El gobierno, reconociendo esta división, invitó a algunos líderes burócratas con los cuales han negociado anteriormente la entrega de derechos de l@s trabajadores, para sentarse y así, a espaldas de l@s trabajadores a los que representan, llegar a unos “acuerdos” para enmendar la Ley de Emergencia Fiscal. Esos sindicatos, que tienen en común que todos están organizados bajo la ley 45, se caracterizan por evitar la verdadera democracia participativa de las bases de su matrícula. Algunas de estás uniones son: la Unión General de Trabajadores (UGT) bajo el liderato de Manuel Perfecto, el  Sindicato Puertorriqueño de Trabajadores (SPT-SEIU) de Roberto Pagán, la Coordinadora Unitaria de Trabajadores del Estado (CUTE) de Federico Torres Montalvo, José Rodríguez Báez, presidente de la Federación de Trabajadores y Trabajadoras de Puerto Rico (AFL-CIO), Luisa Acevedo, presidenta de la Federación Central de Trabajadores (FCT) y Víctor Villalba, presidente de la Central Puertorriqueña de Trabajadores (CPT).

Ninguna unión combativa y militante fue invitada a reunirse para “negociar” con el gobierno. Solo las  uniones que marcharon por el IVU fueron invitadas, solo las que entregaron el derecho a la huelga con la Ley 45 del 1998, solo las que aceptaron el despido de miles y miles de trabajadores como si nada con la Ley 7 del 2009, solo las que permitieron barrer con los sistemas de retiros de sus unionados, a esos sí se les invitó, con alfombra roja, champán y piscolabis. Y el pacto fue firmado en cuartos oscuros y privados. Y ambos salieron muy complacidos.

Los  y las líderes de uniones más combativas debieron haber salido a exponer de frente la mierda de “acuerdos” a los que se llegó con estos sindicatos. Debieron hacer un llamado a los y las trabajadores de esas uniones a que se unan con ell@s para luchar y defender sus derechos.

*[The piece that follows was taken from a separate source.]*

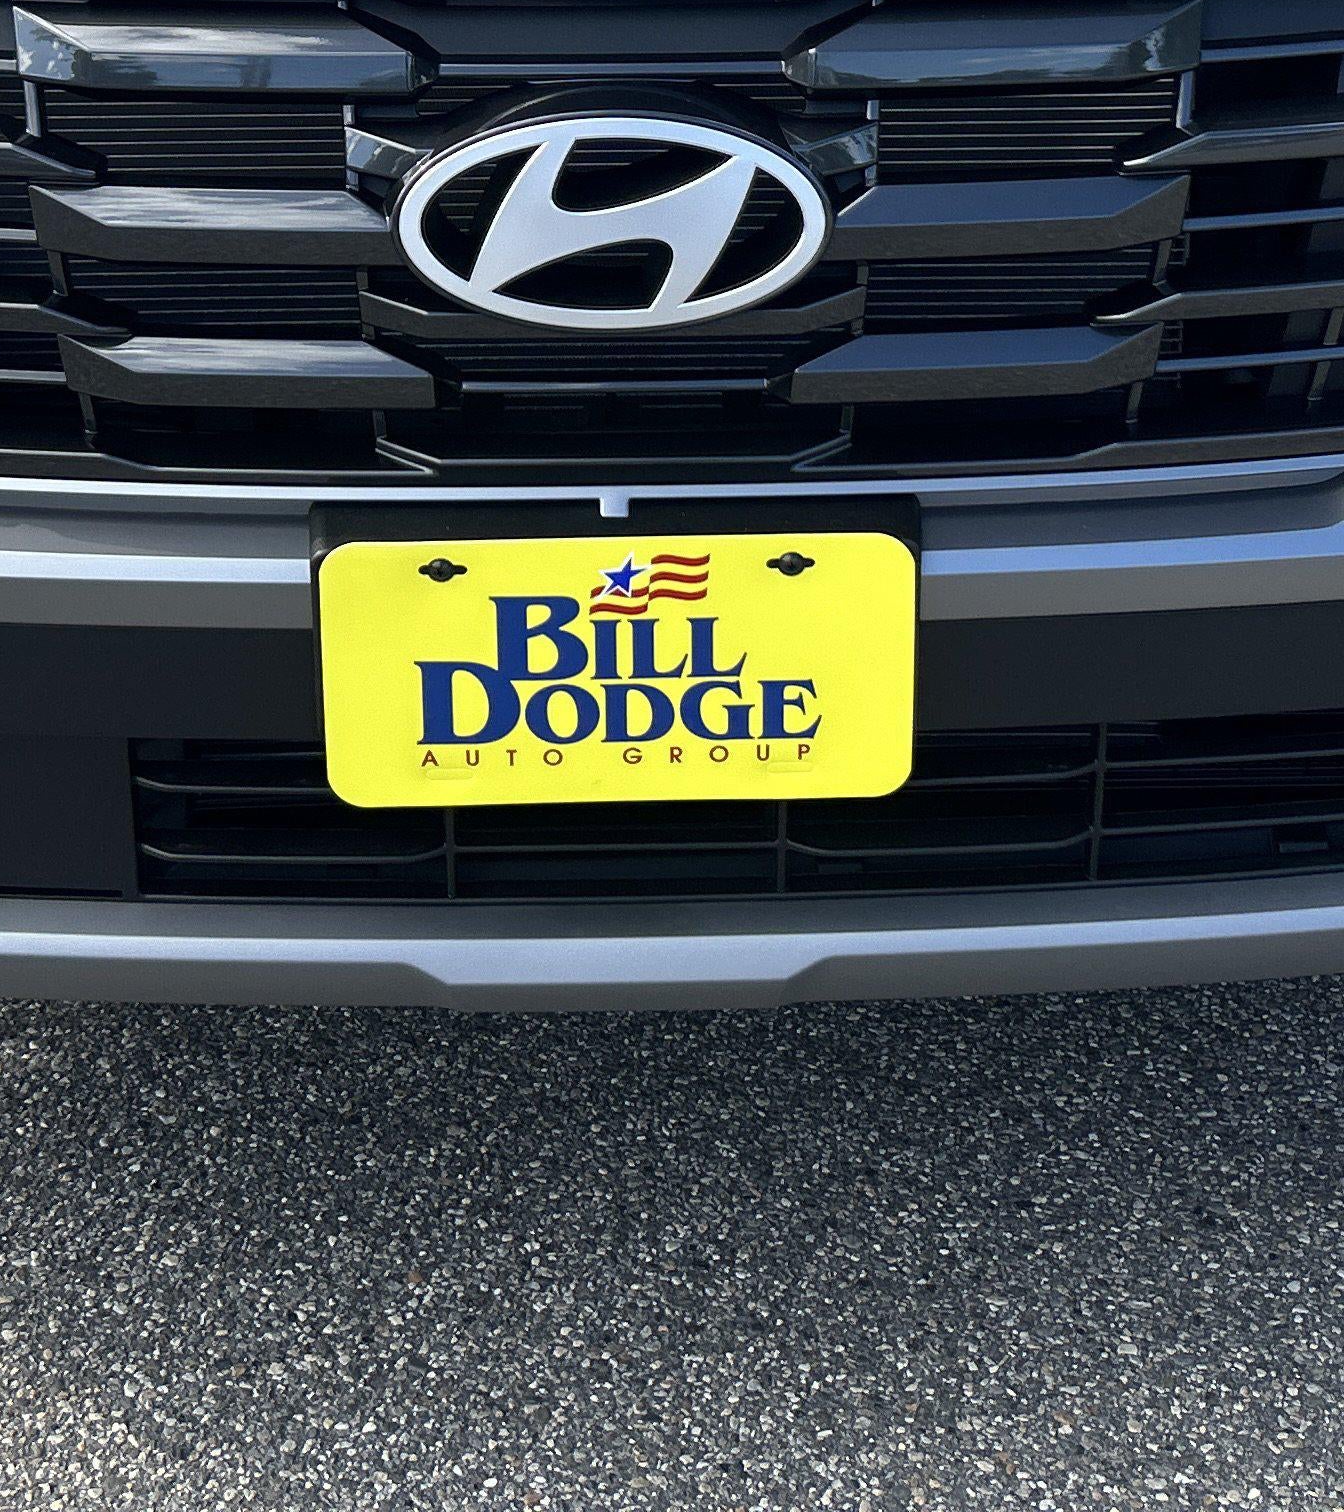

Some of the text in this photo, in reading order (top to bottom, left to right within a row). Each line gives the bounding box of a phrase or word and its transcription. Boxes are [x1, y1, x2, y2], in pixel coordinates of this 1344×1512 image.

En el proceso en el que nos encontramos hace falta romper de una vez por todas con estos líderes burócratas que ven en la unión un negocio. Pero sobre todo, hace falta construir poder desde el corazón de las uniones que son sus propios trabajadores y trabajadoras, esa es la gente que tiene que estar en los procesos y decidir sobre sus derechos.

Nuestro enemigo es un sistema que pone por encima la deuda a unos bonistas antes de darle un hogar a una familia y antes de garantizar que todo el mundo tenga comida en su nevera.

Mientras los de abajo discutimos porque algunos cobran un poco más que otros o que los trabajadores del gobierno tienen derechos ganados versus los de empresa privada, el gobierno continua pasando leyes que nos llevan a un futuro incierto en donde el sueño de retirarse en paz ya no es una posibilidad, un futuro con menos escuelas, menos maestros y en general menos vida.

Hacemos un llamado a la solidaridad entre todas y todos los trabajadores, solidaridad en la acción y en la calle. Este es el momento de organizarnos y exigir vivir mejor. ¡Es posible soñar! ¡Es posible vivir mejor! ¡No aceptemos más sacrificios!